Any Tech Startup Cooperatives?


I've been wondering, are there any known examples of (successful) tech startups organised as cooperatives?


  👤 Biologist123 Accepted Answer ✓
Common Wealth have done a bit of work on “platform cooperatives”, you can start looking there. My start-up is structured as an employee owned cooperative. We started with a grant which got us to product market fit on a part time basis - and are now “default alive” in our current structure. I should add that we applied to and were rejected by Y Combinator after interview (narrowly a/c the rejection email). At that point I started looking around for other options. After the YC rejection I realised we were not a potential unicorn, although will in all likelihood be profitable. That realisation was incredibly helpful as it spurred me to look into ways that would not depend on fashioning ourselves as a VC casino chip. We can also build the enterprise we want to run, rather than something that appeals to a narrow (but important) class of investors.
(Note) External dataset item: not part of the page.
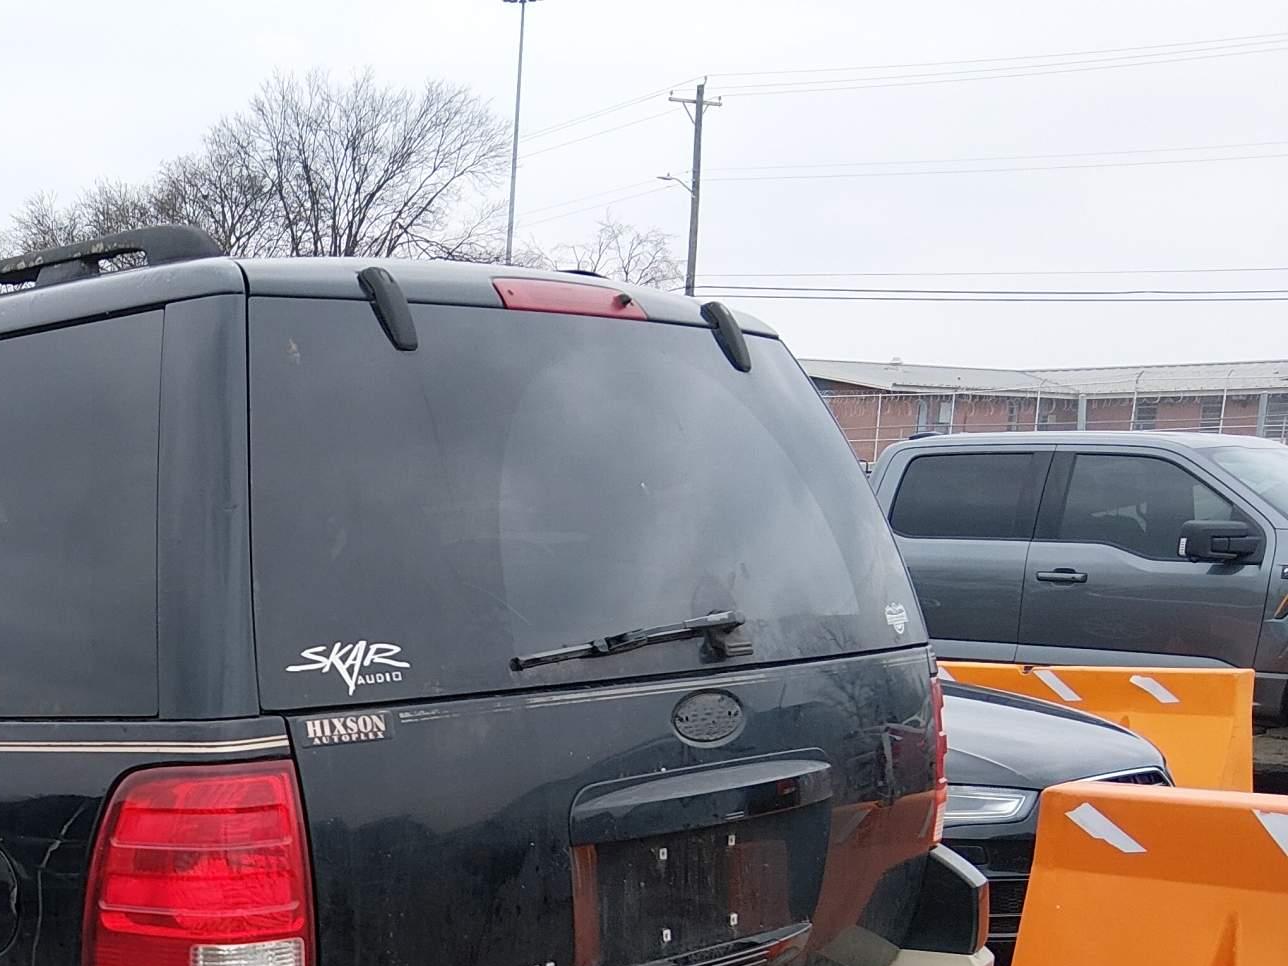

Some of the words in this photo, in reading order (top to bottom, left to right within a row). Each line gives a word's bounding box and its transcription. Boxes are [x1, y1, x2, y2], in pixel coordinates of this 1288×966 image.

Edit: What do you define as “successful”? We are not successful on VC metrics. But we’re happy with what we’ve built and it will make us a bit of money.


👤 cheshire_cat
What is your definition of a startup? You can find a well maintained list of tech cooperatives from all over the world at https://github.com/hng/tech-coops.

👤 usr1106
Related submission: https://news.ycombinator.com/item?id=31456918 (not sure whether any of them can be counted as startup)

👤 COil
In France, there is Les Tilleuls, https://les-tilleuls.coop/en (creator of API platform, PHP/Symfony/JavaScript/GO contributors)

👤 sokoloff
It seems like the prime difficulty in getting off the ground with a fully employee-owned entity is the startup losses (especially in cash flow terms) inherent in almost every business have to be borne by the employees.

That’s easier when the losses are small and the absence of salary is easier to take if you do it part-time (the “5 to 9er” lifestyle).


👤 marban
Can you further define? Sounds like you're looking for an incubator.